Dr Alexander Edwards, Associate Professor in Biomedical Technology, Reading School of Pharmacy, University of Reading, said:

“The vaccine is clearly safe, and has been into very large numbers of trial participants without any problems. It clearly provides protection that exceed expectations when the trials were planned.

“One question that arose from the initial press release surrounds a different dose used at an early stage- with a “half dose better than full dose” headline- this study now reports in more detail the numbers behind those headlines and terms these groups “SD/SD” and “LD/SD”. The dose and manufacturing batch information is explained fairly clearly in the supplementary information provided with the manuscript along with a great deal of trial details, and we must applaud and celebrate this transparency in sharing everything openly, including explaining that an initial batch had a different than expected dose (the LD/SD protocol).

“Within this, a lot of detail is provided around exactly how you measure and analyse the vaccine dose before putting it in a vial for use. This is a well-studied and well-known area in the field of vaccine manufacturing. Although at first sight you’d think you can just “count the virus particles”, what is produced when this type of vaccine is manufactured and purified is actually a mix of particles, and they can be measured in at least three ways: the amount of nucleic acid determined spectroscopically, the number of copies of viral RNA, and the number of infectious particles. There is nothing alarming or unusual about this but it is a real challenge; this is why vaccine manufacturing is tightly regulated and requires very specialised factories and expert bioprocess engineers. The world has never been better at manufacturing complex biological medicines- we have better than ever tools and equipment. This is also why innovation in vaccines remains vital- to develop vaccines that are easier to produce, ideally less complex and ideally chemically synthesised rather than ‘grown’. But often, the biologically complex vaccines just work better than simpler compositions- this is what our immune system evolved to recognise.

“What is surprising is that a small difference in composition would have any effect on the vaccine protection. The dose was chosen as having the optimal immune response in previous studies, but lower doses also produced similar immune responses in earlier studies. There isn’t a well-known immunological mechanism that would predict that “less is more”.

“However, this apparent difference in effectiveness between different batches will now certainly be a major focus, to make sure that we can make best use of this type of vaccine. We eagerly await further trial data from all ongoing vaccine trials including this one- over time the picture should become clearer. The “dose question” may be a distraction from the main findings of an effective vaccine that meets the target protection, and as a positive person my glass is half-full and the half-dose result will help us to better understand the best use of such vaccines. I remain reassured that vaccination programs have finally started us on a welcome path to recovery.


Prof Matt Sydes, Professor of Clinical Trials & Methodology, UCL, said:

“It is complicated to put 4 trials together, especially combining early phase (Phase I and II) studies with late phase (Phase III) trials, but the authors have reported clearly which trials contribute to which parts of the analysis. The authors recognise the issues in interpreting data which come from a mix of trials and phases, and with a mix of doses / treatment schedules, participant ages and follow-up lengths. The conclusions are modestly presented and seem reasonable from the data presented.

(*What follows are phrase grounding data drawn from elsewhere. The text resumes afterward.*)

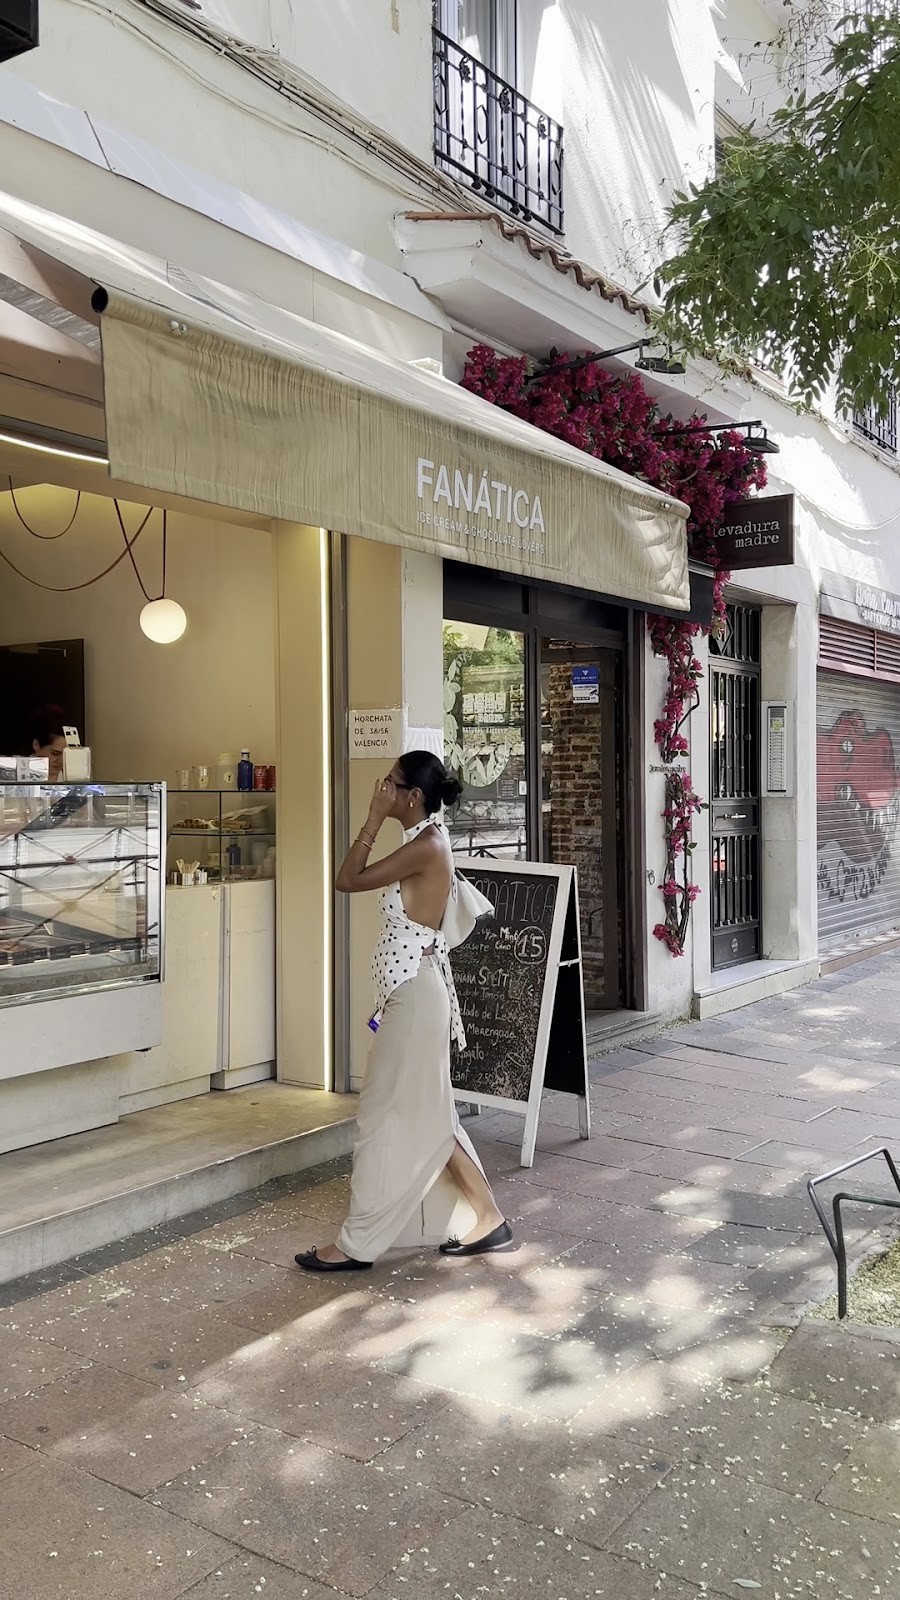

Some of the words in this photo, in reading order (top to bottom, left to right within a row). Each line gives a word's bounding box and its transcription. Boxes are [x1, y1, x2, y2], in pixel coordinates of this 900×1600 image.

[417, 457, 546, 533] FANÁTICA
[417, 511, 431, 525] ICE
[433, 515, 462, 534] CREAM
[735, 534, 780, 549] madre
[354, 715, 392, 723] HORCHATA
[465, 876, 557, 924] NÁTICA

“In most instances, Phase I studies are small and non-randomised, but as these are vaccine trials, these are large and randomised. All 4 of the trials contribute to the safety assessments. Only the trials with a Phase III element (COV002 and COV003) contribute to efficacy analysis; the authors explain that this is because the two phase I trials have too few events (against a pre-defined number) to contribute yet.

“The error which led to the low-dose and standard-dose combination and the implications for analysis are well explained. The analysis plan was widely agreed, including with regulators. The authors are transparent about the error and how this was all discussed with regulators and say they will come back to this. The timing of the second dose of the vaccine compared to the first dose sounded like it was quite variable and was unclear to me on one reading.”

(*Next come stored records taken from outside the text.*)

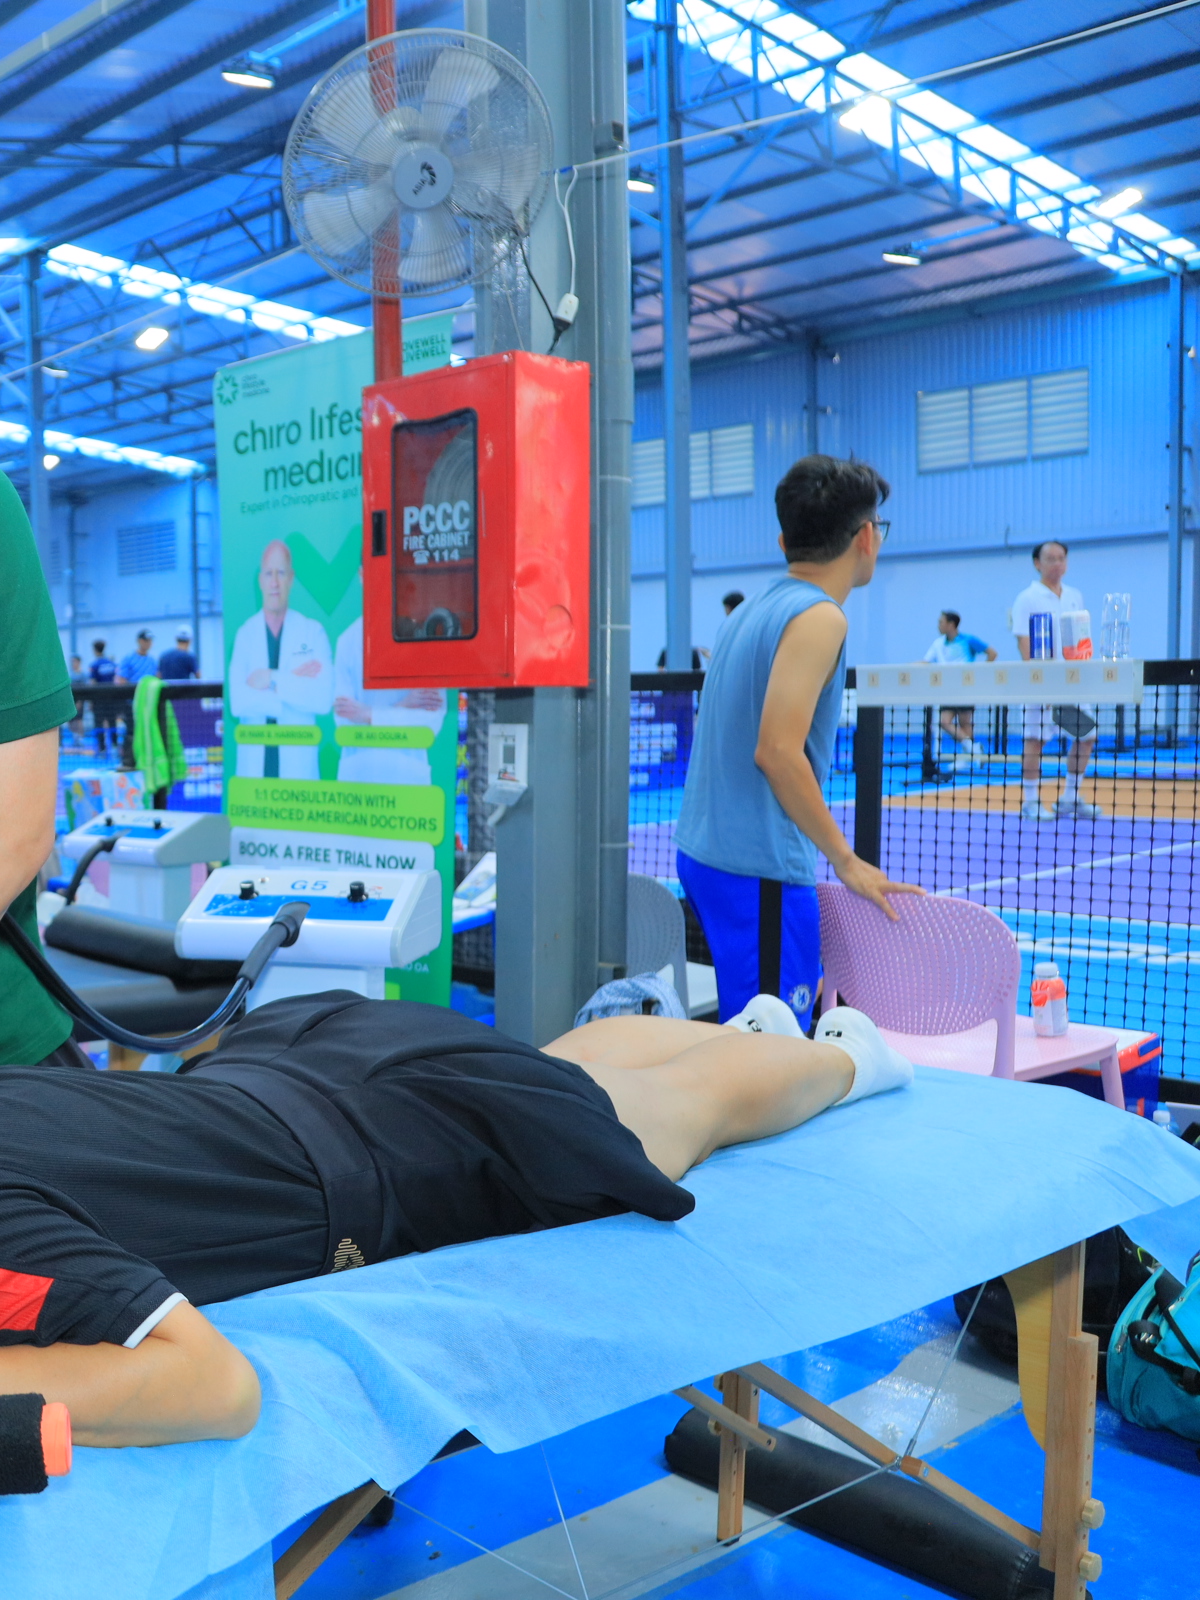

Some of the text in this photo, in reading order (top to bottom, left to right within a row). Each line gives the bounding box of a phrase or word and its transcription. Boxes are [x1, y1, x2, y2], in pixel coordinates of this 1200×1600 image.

[233, 419, 302, 455] chiro
[240, 500, 270, 514] Expert
[403, 500, 470, 535] PCCC
[403, 530, 470, 552] FIRE CABINET
[433, 548, 460, 563] 114
[270, 788, 362, 807] CONSULTATION
[365, 794, 397, 809] WITH
[230, 804, 437, 832] EXPERIENCED AMERICAN DOCTORS
[238, 841, 416, 870] BOOK A FREE TRIAL NOW
[290, 879, 329, 891] G5
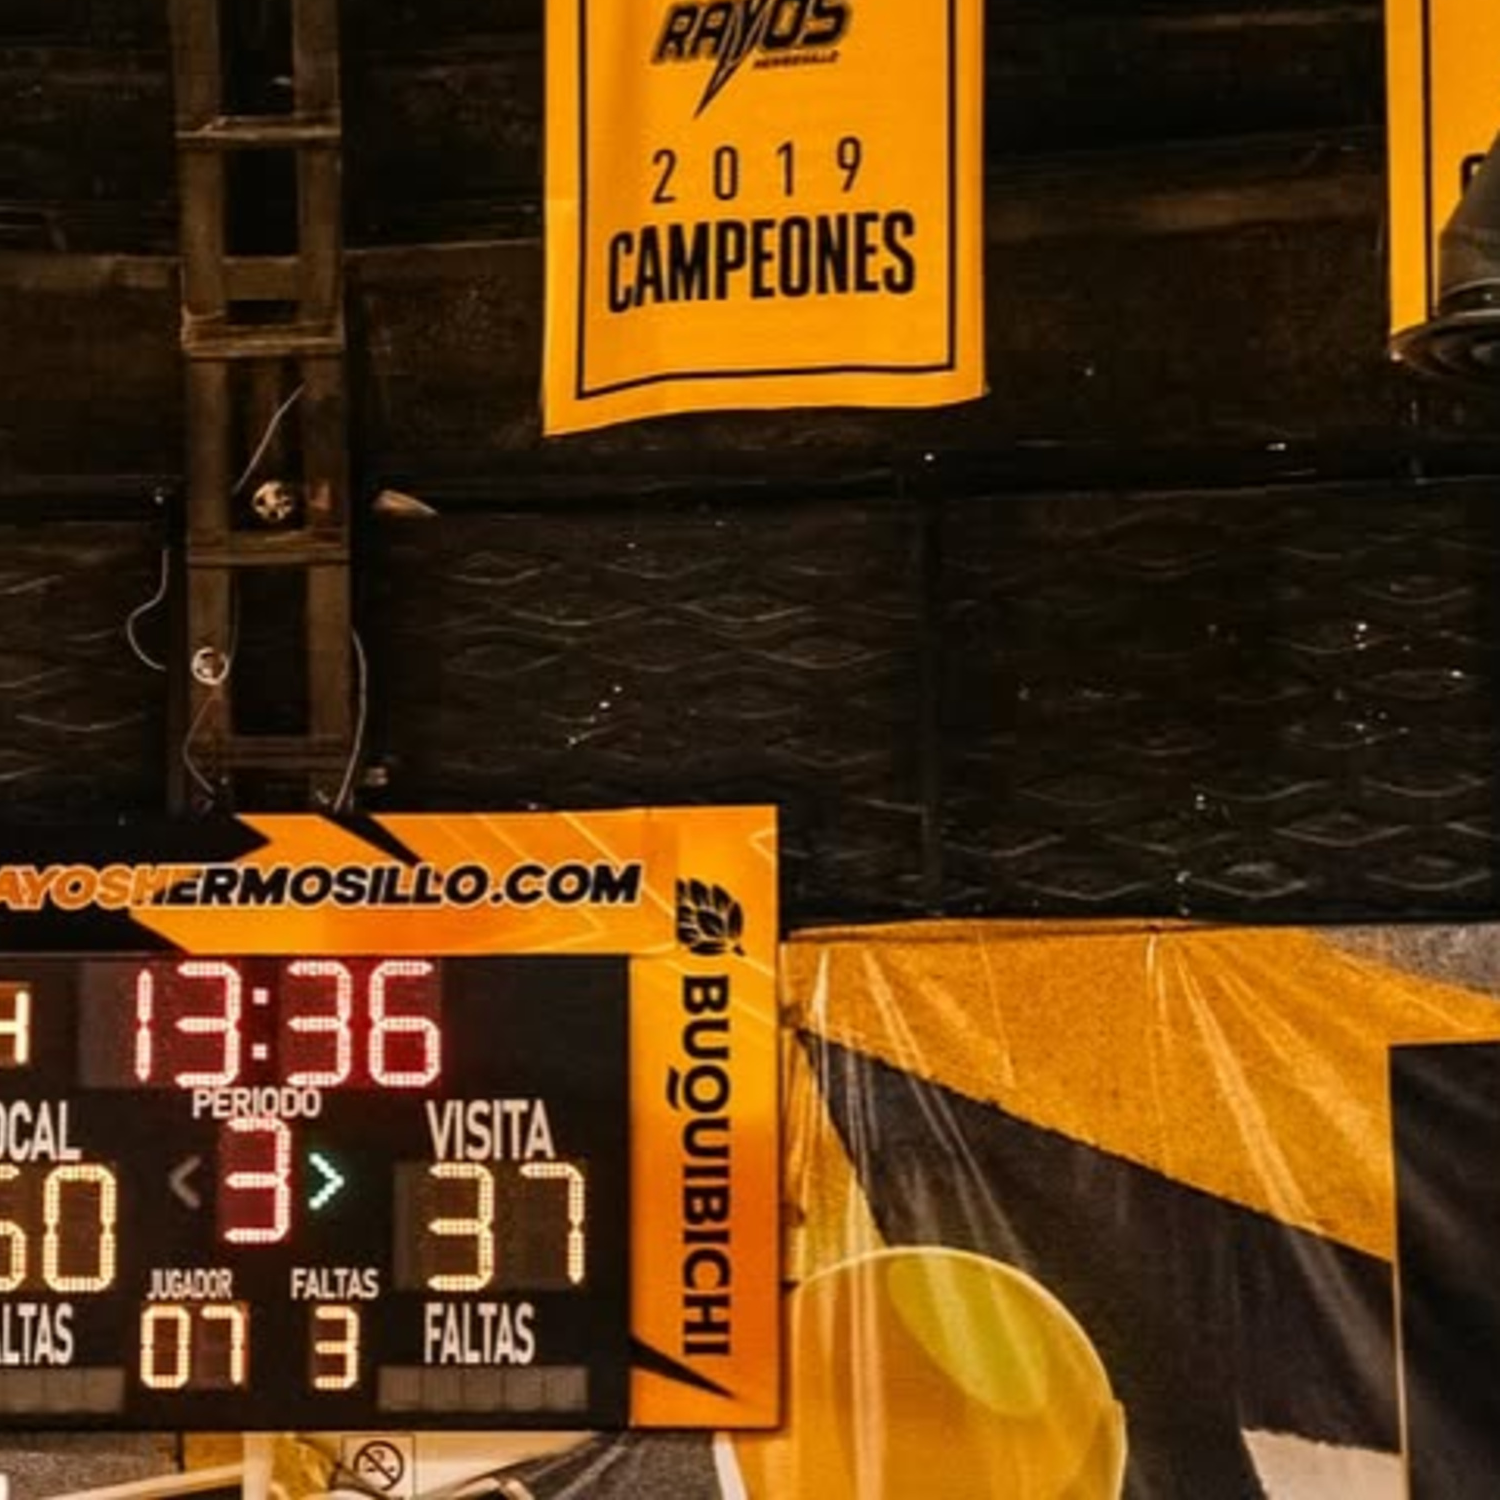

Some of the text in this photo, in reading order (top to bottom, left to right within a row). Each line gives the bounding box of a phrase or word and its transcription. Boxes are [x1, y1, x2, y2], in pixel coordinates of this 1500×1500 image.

[608, 211, 915, 314] CAMPEONES
[136, 960, 441, 1088] 13:36
[192, 1087, 322, 1119] PERIODO
[428, 1100, 556, 1161] VISITA
[224, 1117, 292, 1243] 3
[665, 974, 732, 1356] BUQUIBICHI
[427, 1162, 586, 1292] 37
[145, 1268, 233, 1301] JUGADOR
[290, 1267, 380, 1300] FALTAS
[140, 1304, 246, 1389] 07
[313, 1305, 360, 1390] 3
[424, 1303, 536, 1366] FALTAS

“From previous press releases, I had been genuinely uncertain whether we were only hearing about data up to 15 days after the second vaccine dose, but now it’s clear that all available follow-up is accounted for. We can see in the manuscript that median follow-up is 3.4 months for safety and 2.0 months for efficacy i.e. in the efficacy analysis half of the included patients have less than two months follow-up yet. The follow-up numbers also become clearer in the manuscript’s one figure: no participant had yet reached 100 days of follow-up for efficacy from the second dose. The longer-term elements of this pair of graphs (the participants still in the risk group towards the right of the graph) are driven by Low-dose/Standard-dose combo and younger patients so these patterns may change over time.

“The timings of events after the second dose is partly driven by potential for exposure: there were fewer cases around in the UK in the earlier part of this trial, so it is important to be driven more by the relative effect than the absolute effect. “Vaccine efficacy” is a summary of that relative effect.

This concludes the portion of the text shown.